Lighter Isn’t Better

Lighter Actually Isn’t Better

How Heineken Majorly Missed The Mark



The advertisement I chose was Heineken’s ‘Lighter Is Better’ campaign. The commercial starts with a bartender who notices a light skinned woman looking unsatisfied at her wine glass. The bartender then takes out a Heineken bottle and slides it down the bar in her direction. Before arriving to the woman, the bottle slides past three people which are the focus of each shot, all of which are black. Once the bottle meets the woman, “Sometimes, Lighter is Better” appears on the screen. The company pulled the commercial after receiving criticism and backlash. In response to accusations that the company’s marketing supports a preference for lighter complexions, they released a statement, saying “We missed the mark, are taking the feedback to heart and will use this to influence future campaigns”.

The reason why this advertisement is problematic is because it defines structural racism, intersectionality, and embodies the social construction of race. Structural racism is the set of practices within a society that that puts one social or ethnic group in a better position to succeed, while disadvantaging the others in a consistent matter. The reason this is portrayed in the advertisement is because it is relaying a message that our society has been actively and consciously trying to fix and change. While it may have been unintentional, sliding a bottle past three black people, and then ending up with a white woman accompanied by the words “Lighter is Better”, is no coincidence. And even if it was, the ignorance and blindness to the situation that was being portrayed was where Heineken went wrong. Having a proper process in place where the commercial was surveyed for “accidental” offensiveness by multiple people who are aware of what to look for, most likely would’ve halted this advertisement before being released.

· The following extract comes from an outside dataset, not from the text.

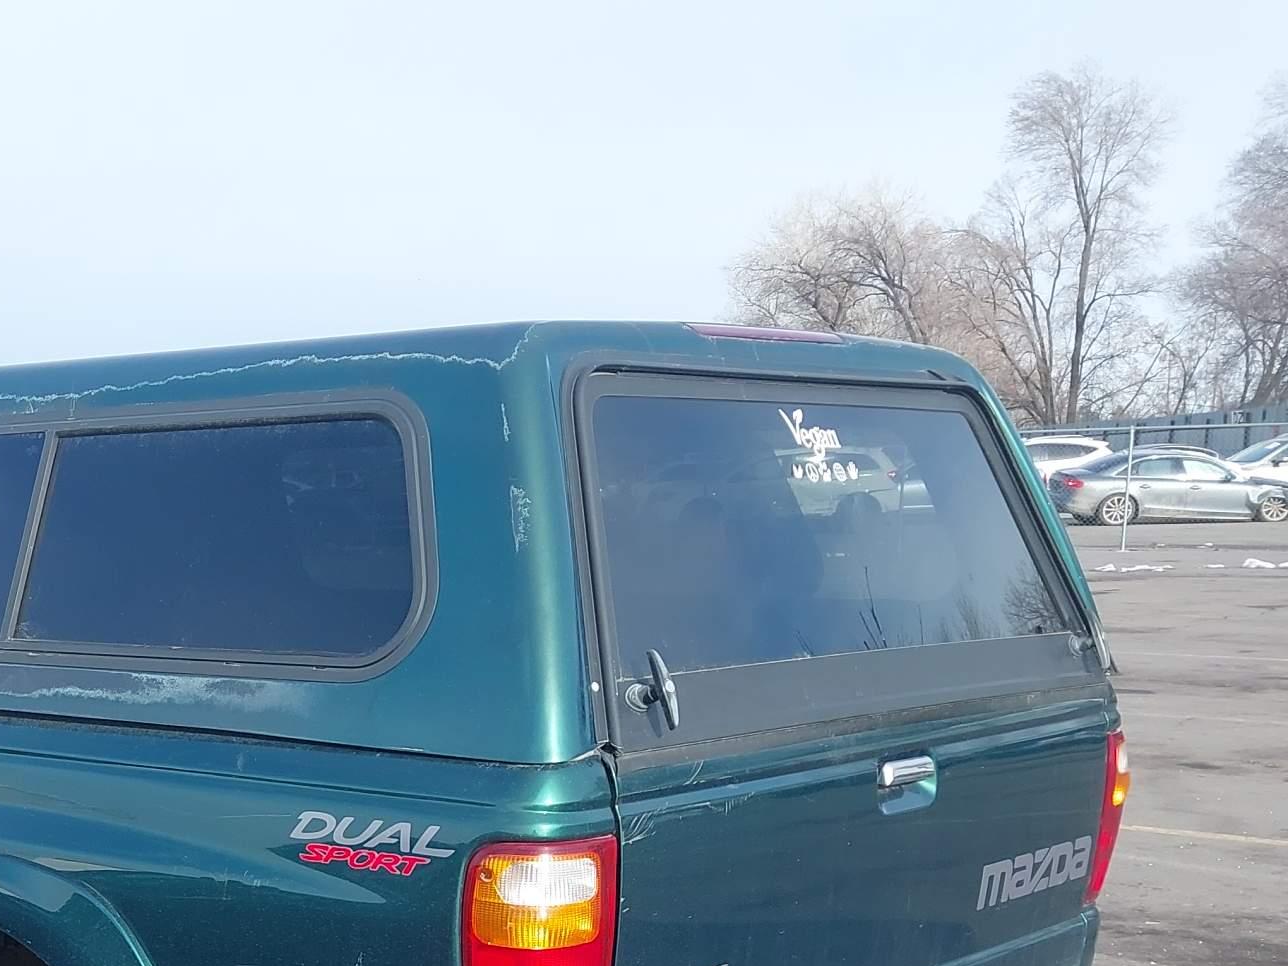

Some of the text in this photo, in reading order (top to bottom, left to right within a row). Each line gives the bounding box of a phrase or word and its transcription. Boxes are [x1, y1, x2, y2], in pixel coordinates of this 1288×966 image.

[778, 408, 842, 462] Vegan
[289, 810, 456, 858] DUAL
[299, 842, 432, 877] SPORT

The next issue is intersectionality. This is an ideology of which states that those who fall under oppressed groups also fall under multiple forms of minority conformity. This essentially means that a minority group is an easy target since they are likely classified under another minority characteristic as well. An example of this would be a black woman, or a black gay man. Not only are they a minority because of their race, but also because of their sexual orientation or gender. Two of the black people shown were women, and the other was a man, as a musician working at the bar. None of these people were in a position of power, and by the portrayal of them in the commercial, they were meant to look disadvantaged by not only not receiving the Heineken bottle, but also watching it slide past them.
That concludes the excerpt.